In Heck, the Supreme Court held that "in order to recover damages for allegedly unconstitutional conviction or imprisonment, or for other harm caused by actions whose unlawfulness could render a conviction or sentence invalid, a § 1983 plaintiff must prove that the conviction or sentence has been reversed on direct appeal, expunged by executive order, declared invalid by a state tribunal authorized to make such a determination, or called into question by a writ of habeas corpus." 512 U.S. at 486-87. If a prisoner's complaint seeks damages based on claims which would "necessarily imply the invalidity" of an underlying conviction or sentence, Heck, 512 U.S. at 489-90, and he has not shown that the conviction or sentence has already been invalidated, either by way of direct appeal, state habeas or pursuant to 28 U.S.C. § 2254, a section 1983 claim for damages cannot be maintained and the complaint must be dismissed without prejudice. See Trimble v. City of Santa Rosa, 49 F.3d 583, 585 (9th Cir. 1995) (finding that an action barred by Heck has not yet accrued and thus, must be dismissed without prejudice so that the plaintiff may reassert his § 1983 claims if he succeeds in invalidating the underlying conviction or sentence); accord Blueford v. Prunty, 108 F.3d 251, 255 (9th Cir. 1997).

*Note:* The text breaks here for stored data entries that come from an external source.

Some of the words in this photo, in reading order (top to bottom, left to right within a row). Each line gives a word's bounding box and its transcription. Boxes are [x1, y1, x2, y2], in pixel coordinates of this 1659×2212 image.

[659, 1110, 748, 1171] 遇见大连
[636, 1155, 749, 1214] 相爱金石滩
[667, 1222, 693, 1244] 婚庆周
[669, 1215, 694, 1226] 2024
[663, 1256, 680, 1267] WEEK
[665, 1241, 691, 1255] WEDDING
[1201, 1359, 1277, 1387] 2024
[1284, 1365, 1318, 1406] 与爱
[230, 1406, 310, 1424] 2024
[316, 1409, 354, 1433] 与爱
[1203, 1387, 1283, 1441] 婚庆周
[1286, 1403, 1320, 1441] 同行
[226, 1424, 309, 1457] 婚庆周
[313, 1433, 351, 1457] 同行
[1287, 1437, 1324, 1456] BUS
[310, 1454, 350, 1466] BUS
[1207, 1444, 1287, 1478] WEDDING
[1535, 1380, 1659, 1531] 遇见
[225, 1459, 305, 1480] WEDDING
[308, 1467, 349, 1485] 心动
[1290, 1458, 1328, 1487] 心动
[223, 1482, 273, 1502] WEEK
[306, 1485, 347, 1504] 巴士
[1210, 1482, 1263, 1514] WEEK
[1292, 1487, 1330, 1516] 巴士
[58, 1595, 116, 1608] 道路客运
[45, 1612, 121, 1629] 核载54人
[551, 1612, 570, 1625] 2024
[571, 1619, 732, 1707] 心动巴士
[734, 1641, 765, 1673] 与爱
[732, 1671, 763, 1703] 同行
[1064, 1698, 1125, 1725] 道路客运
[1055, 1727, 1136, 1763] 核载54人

In other words, if a criminal conviction, prison disciplinary hearing or other judgment "arising out of the same facts stands and is fundamentally inconsistent with the unlawful behavior for which the section 1983 damages are sought, the 1983 action must be dismissed." Smithart v. Towery, 79 F.3d 951, 952 (9th Cir. 1996); Cunningham v. Gates, 312 F3d 1148, 1153 (9th Cir. 2002). Edwards v. Balisok makes clear that this reasoning applies whether the prisoner challenges the conviction underlying his original sentence, or a prison administrative ruling which deprives him of good-time credits. 520 U.S. at 644-45; Sheldon v. Hundley, 83 F.3d 231, 233 (8th Cir. 1996). Thus, to determine whether Heck and Edwards bar a claim for damages arising from a prison disciplinary hearing, the court must examine "not the relief sought, but the ground of the challenge." Miller v. Indiana Dept. of Corrections, 75 F.3d 330, 331 (7th Cir. 1996).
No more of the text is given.